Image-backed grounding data
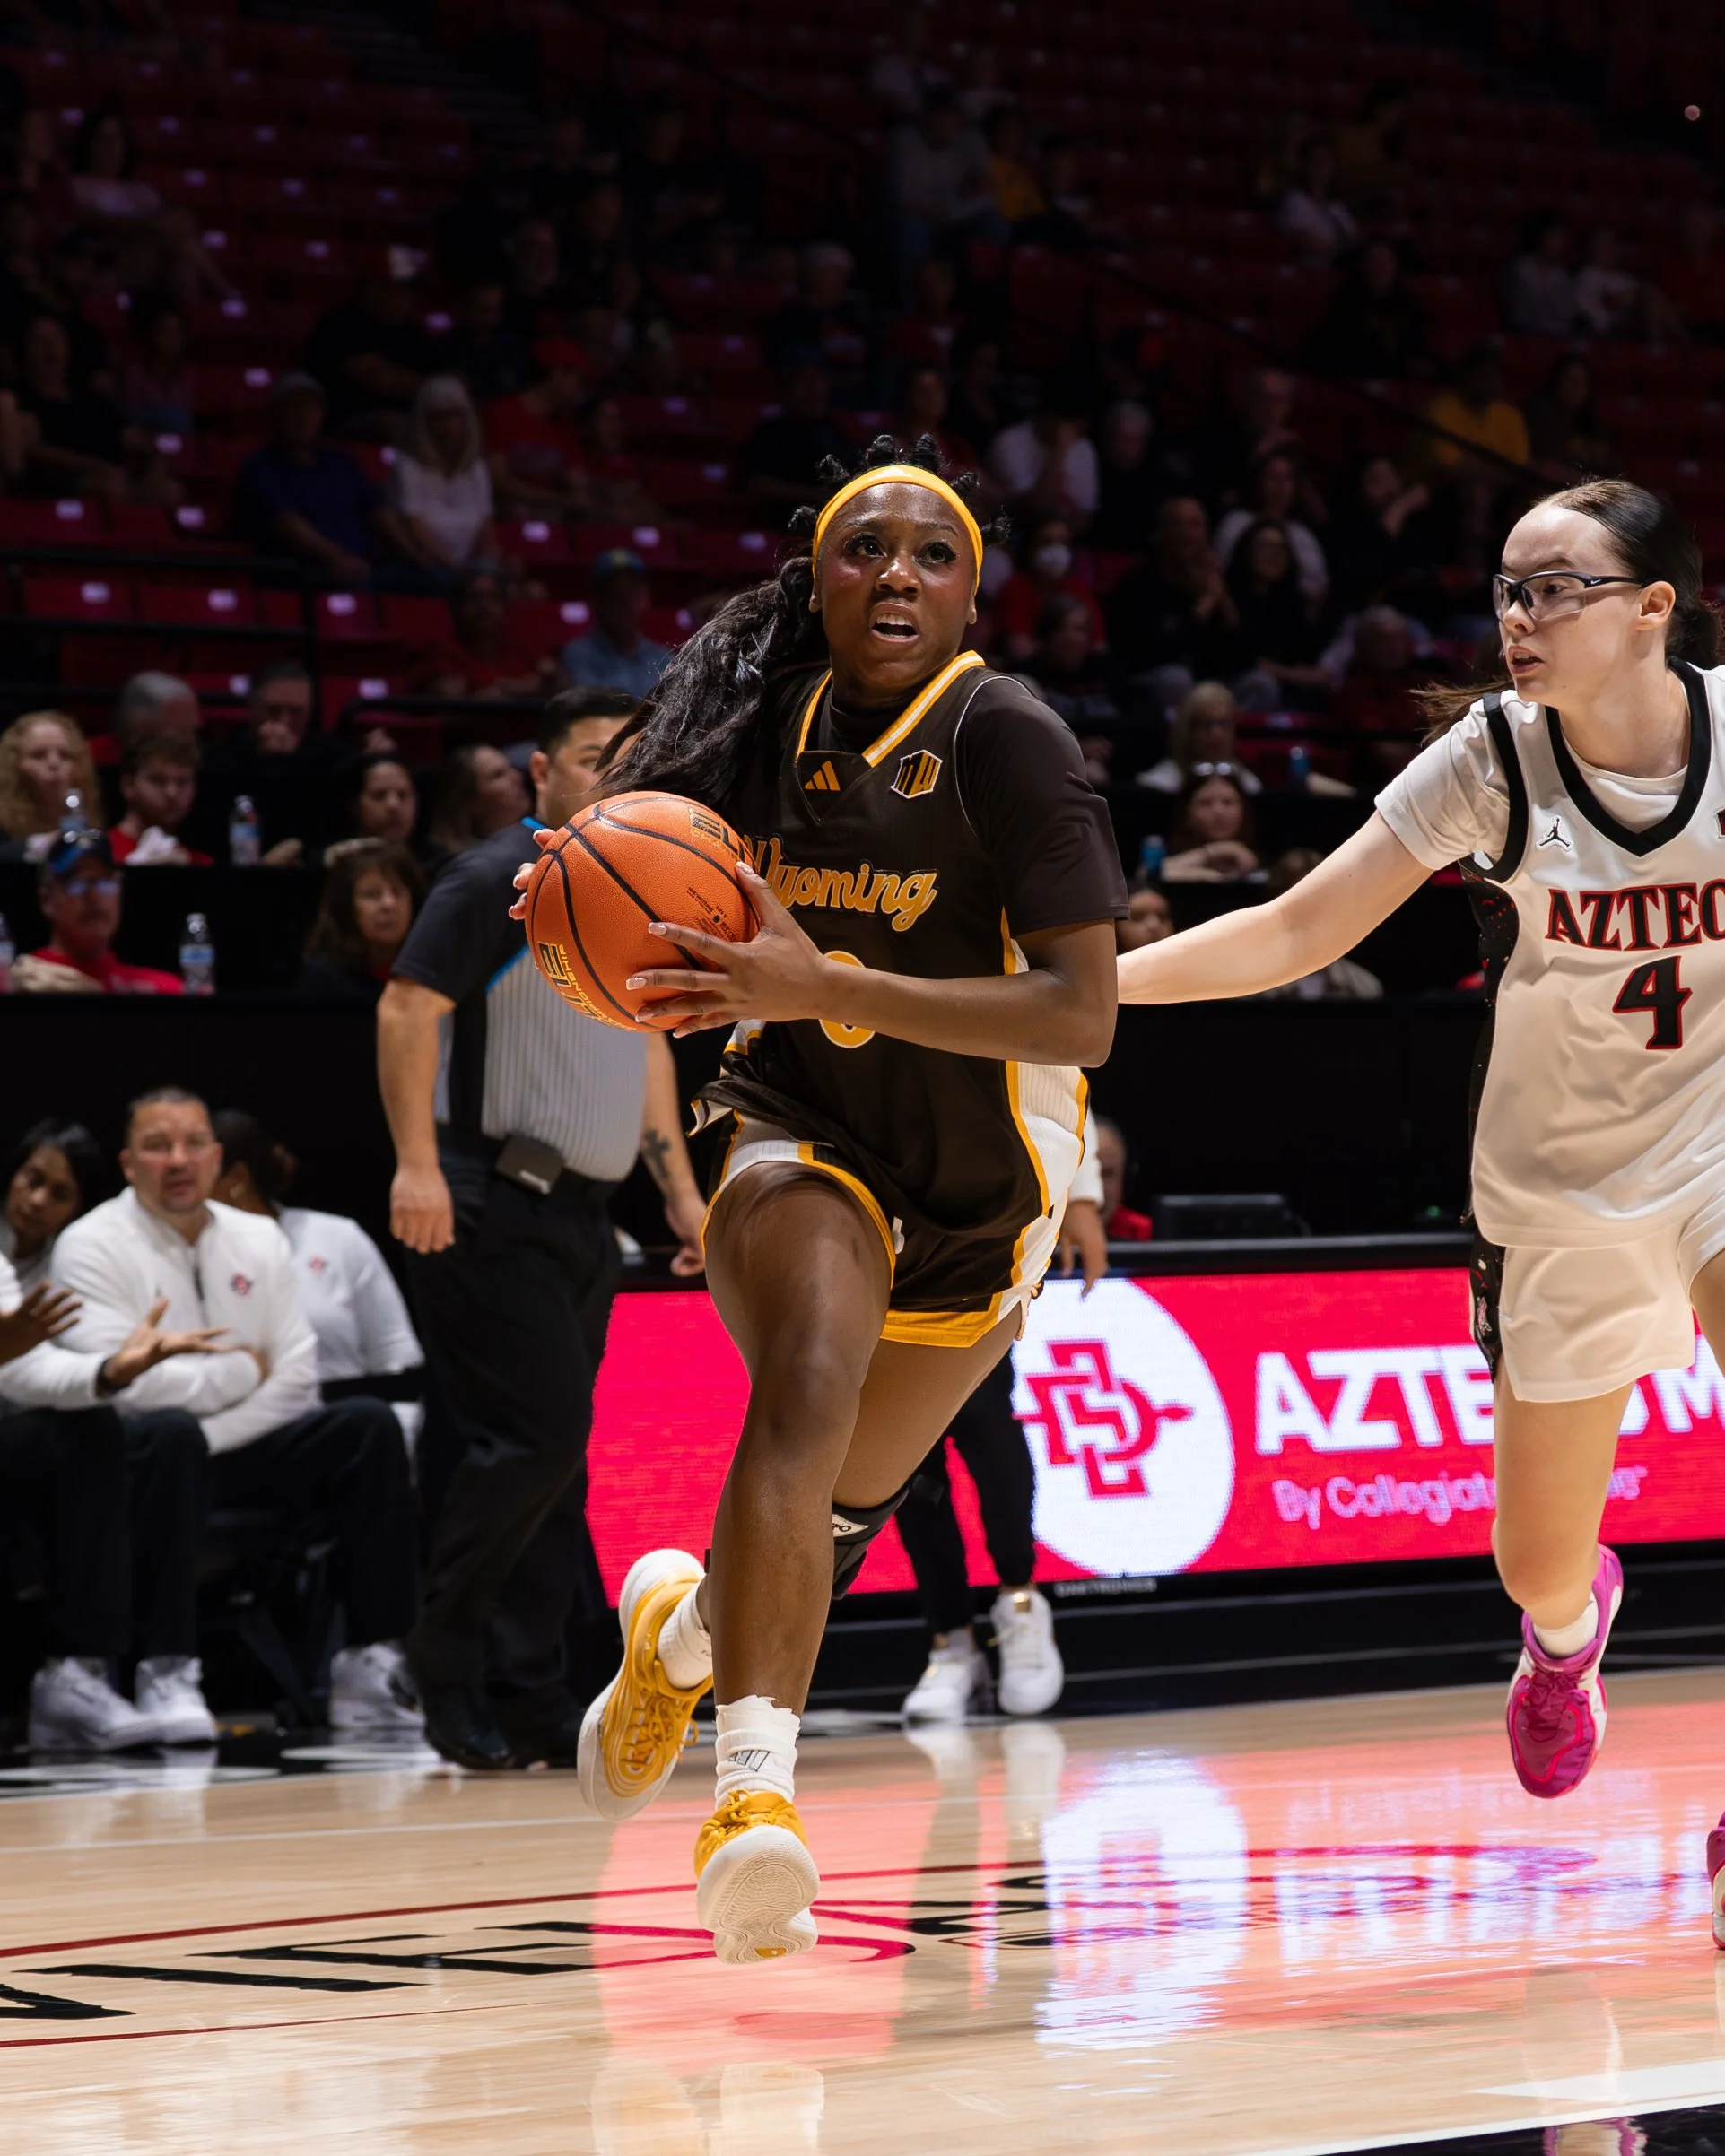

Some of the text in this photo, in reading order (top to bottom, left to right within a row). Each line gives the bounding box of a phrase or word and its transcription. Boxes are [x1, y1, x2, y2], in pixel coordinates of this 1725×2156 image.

[744, 834, 938, 932] Wyoming
[1612, 955, 1693, 1050] 4
[1271, 1470, 1496, 1530] By Collegiat
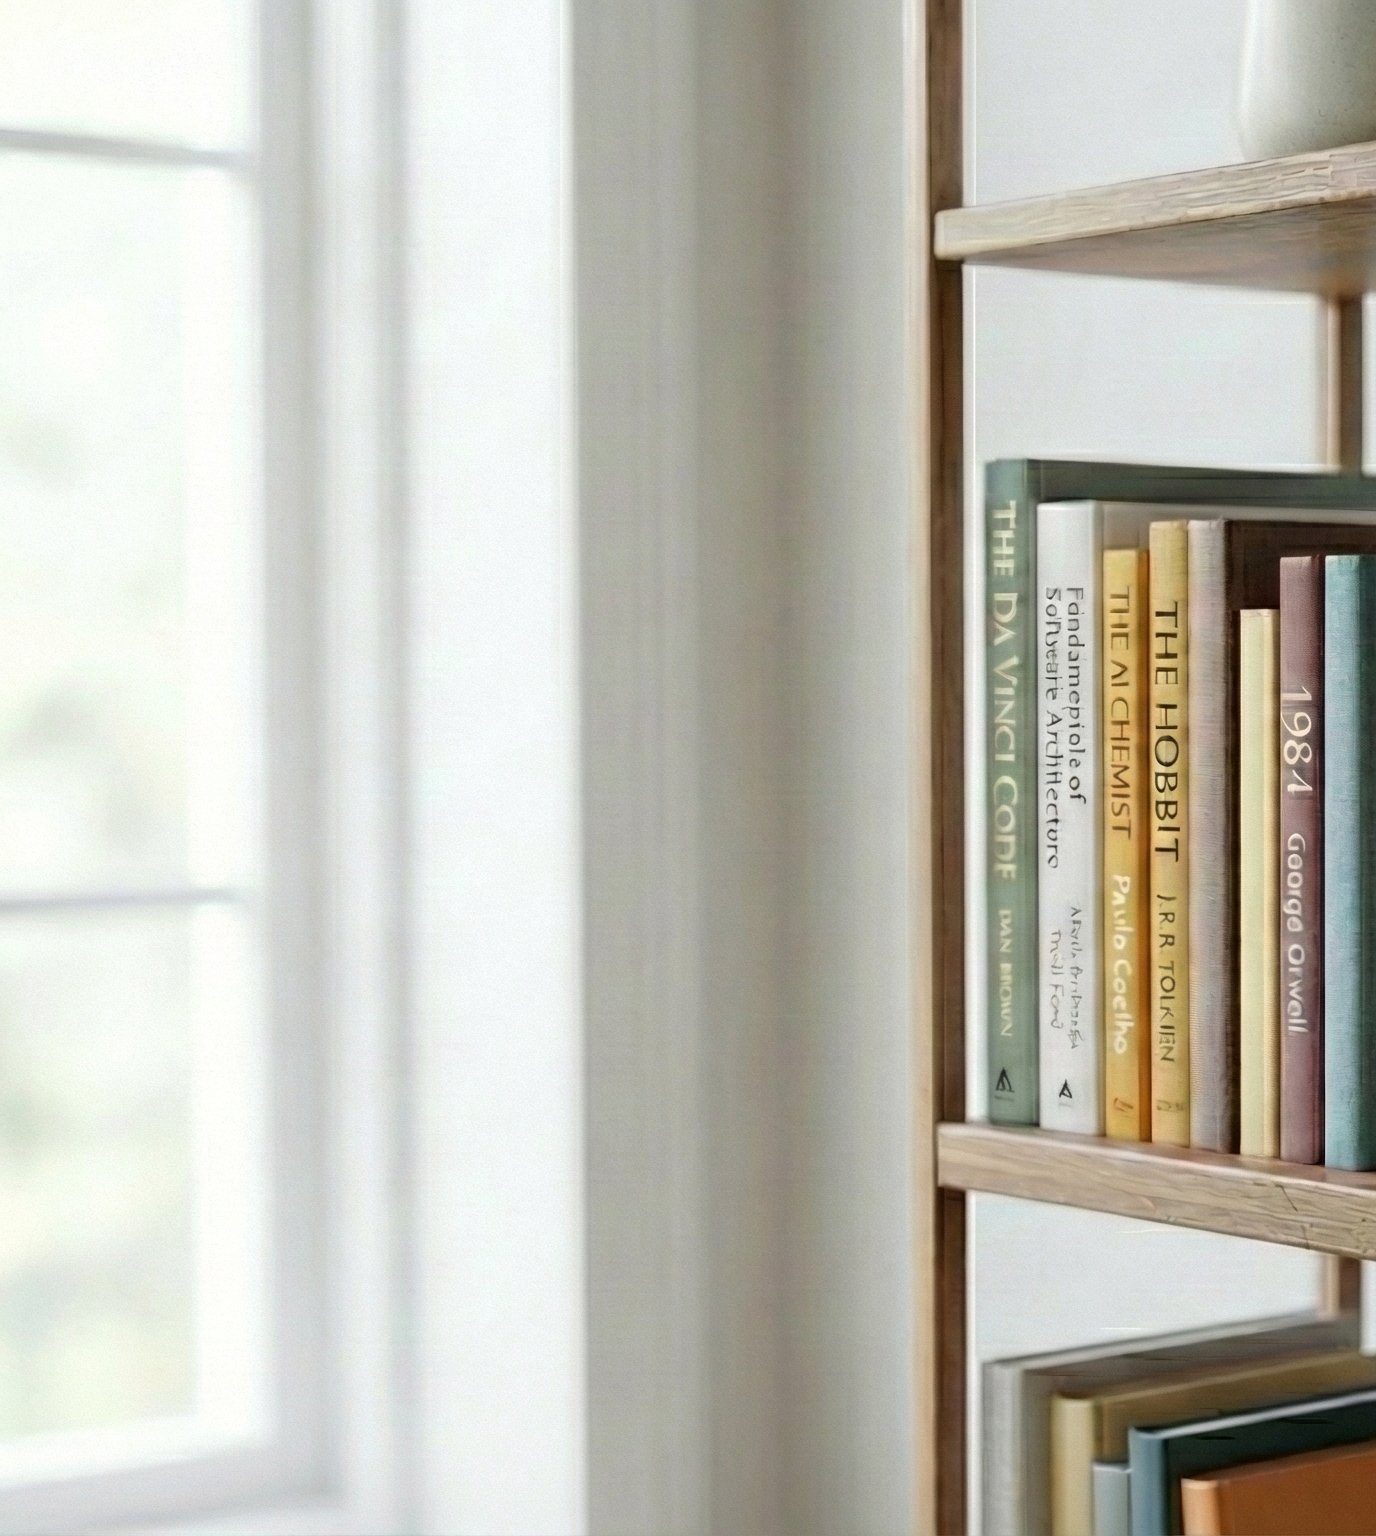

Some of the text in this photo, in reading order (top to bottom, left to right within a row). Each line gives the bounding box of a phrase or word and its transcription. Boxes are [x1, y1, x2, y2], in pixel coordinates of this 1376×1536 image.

> [Exercise aim]: Restate each line of the records exactly; pictures do not belong in the copy.

> [Exercise output]:
Some of the text in this photo, in reading order (top to bottom, left to right within a row). Each line gives the bounding box of a phrase or word and its transcription. Boxes are [x1, y1, x2, y2], in pixel coordinates of this 1725×2156 image.

[744, 834, 938, 932] Wyoming
[1612, 955, 1693, 1050] 4
[1271, 1470, 1496, 1530] By Collegiat

Some of the text in this photo, in reading order (top to bottom, left to right within a row). Each line gives the bounding box of a phrase or word and its transcription. Boxes are [x1, y1, x2, y2], in pixel coordinates of this 1376×1536 image.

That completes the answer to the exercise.